(Data section begins)

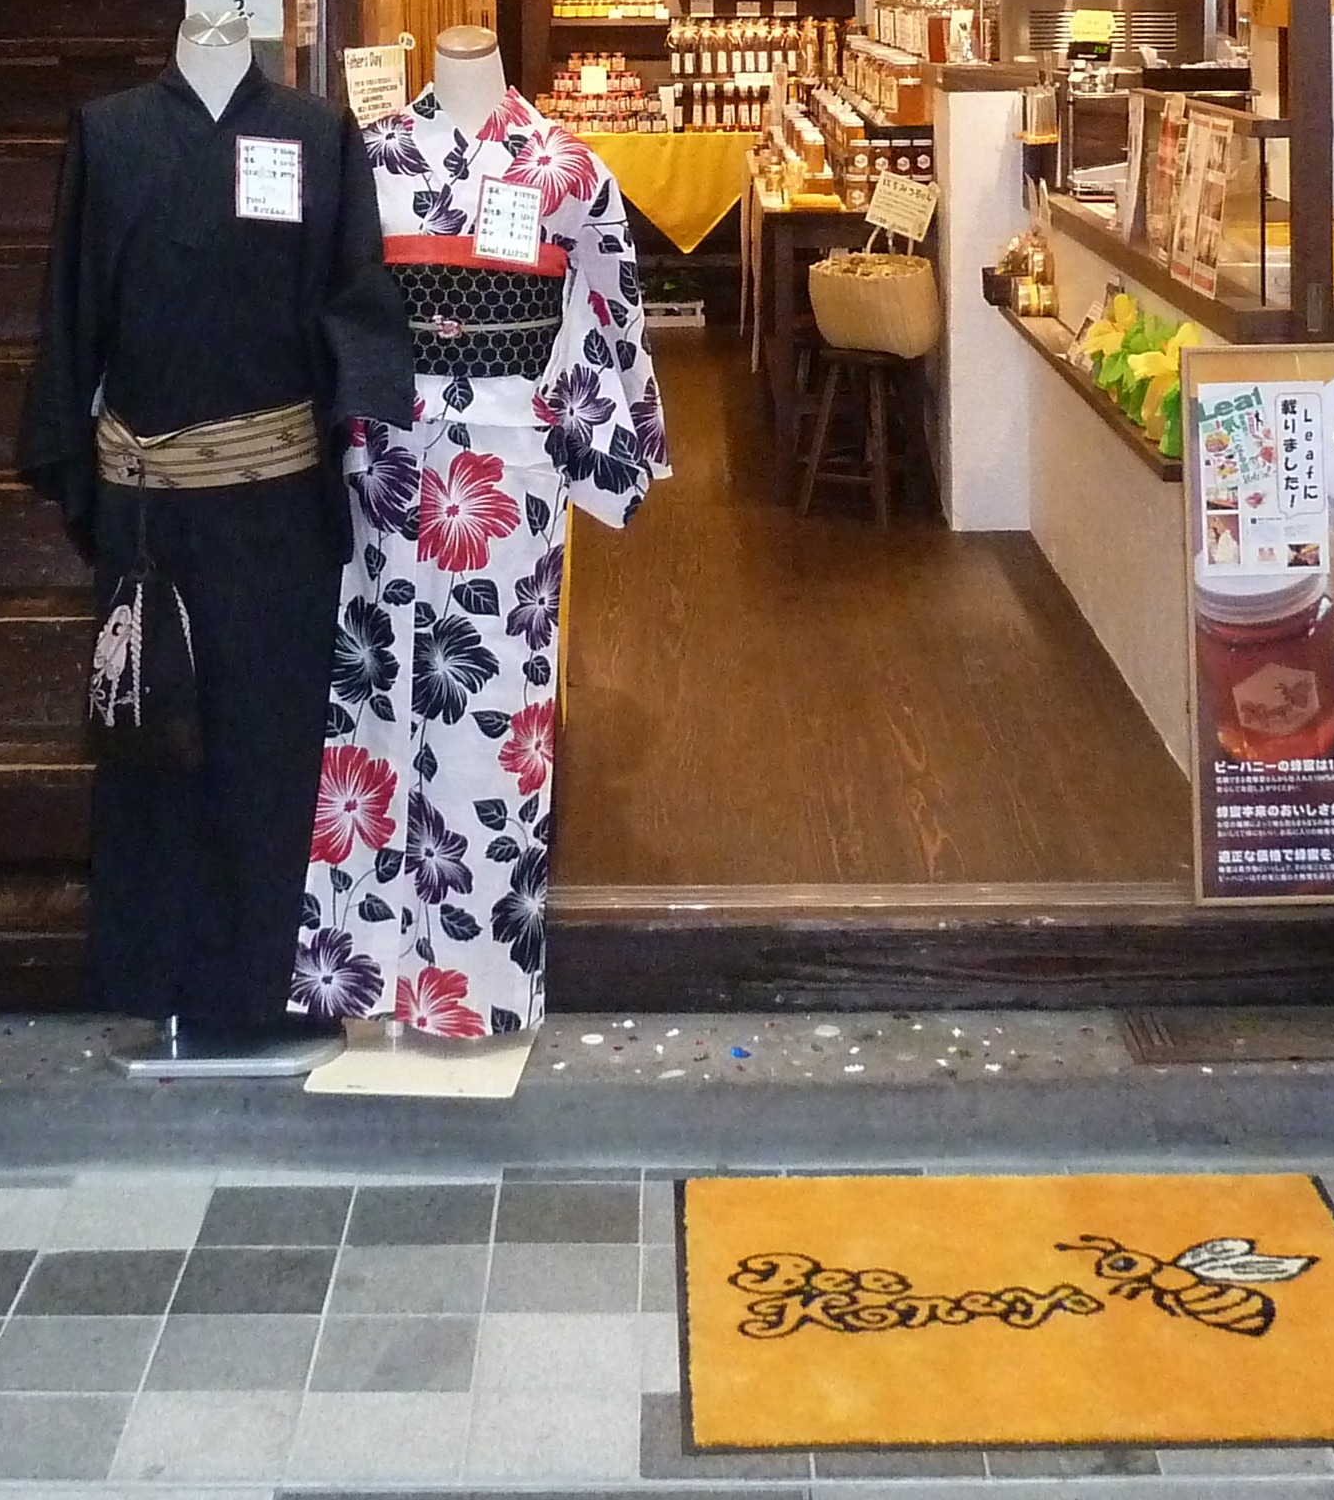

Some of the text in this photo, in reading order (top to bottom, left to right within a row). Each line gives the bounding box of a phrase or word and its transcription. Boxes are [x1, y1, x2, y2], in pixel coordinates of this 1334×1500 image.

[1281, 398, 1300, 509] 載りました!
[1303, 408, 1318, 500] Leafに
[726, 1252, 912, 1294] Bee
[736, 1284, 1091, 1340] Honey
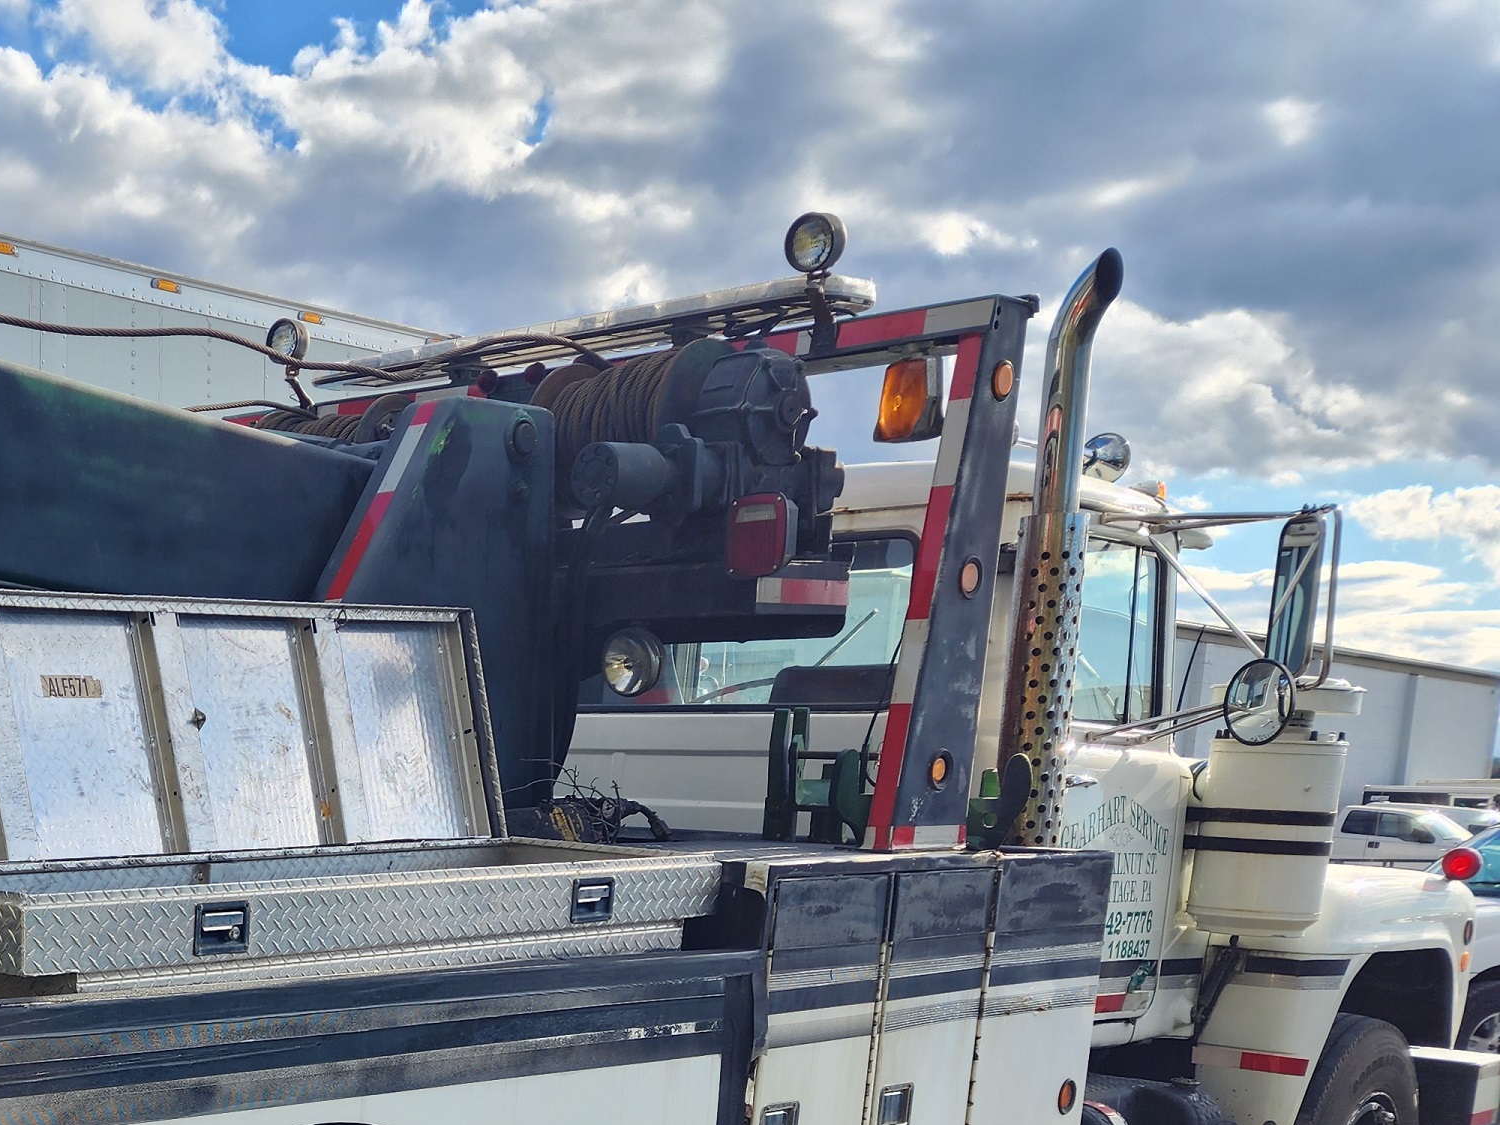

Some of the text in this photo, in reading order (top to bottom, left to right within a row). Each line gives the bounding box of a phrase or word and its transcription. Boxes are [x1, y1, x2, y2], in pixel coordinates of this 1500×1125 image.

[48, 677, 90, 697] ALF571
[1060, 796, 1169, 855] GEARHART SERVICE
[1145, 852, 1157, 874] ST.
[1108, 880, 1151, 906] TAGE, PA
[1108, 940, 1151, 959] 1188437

(Data section ends)

§ **Exercise goal**:
Repeat the full listing above without altering a word, and skip the pictures.

§ **Response**:
Some of the text in this photo, in reading order (top to bottom, left to right within a row). Each line gives the bounding box of a phrase or word and its transcription. Boxes are [x1, y1, x2, y2], in pixel coordinates of this 1334×1500 image.

[1281, 398, 1300, 509] 載りました!
[1303, 408, 1318, 500] Leafに
[726, 1252, 912, 1294] Bee
[736, 1284, 1091, 1340] Honey

Some of the text in this photo, in reading order (top to bottom, left to right within a row). Each line gives the bounding box of a phrase or word and its transcription. Boxes are [x1, y1, x2, y2], in pixel coordinates of this 1500×1125 image.

[48, 677, 90, 697] ALF571
[1060, 796, 1169, 855] GEARHART SERVICE
[1145, 852, 1157, 874] ST.
[1108, 880, 1151, 906] TAGE, PA
[1108, 940, 1151, 959] 1188437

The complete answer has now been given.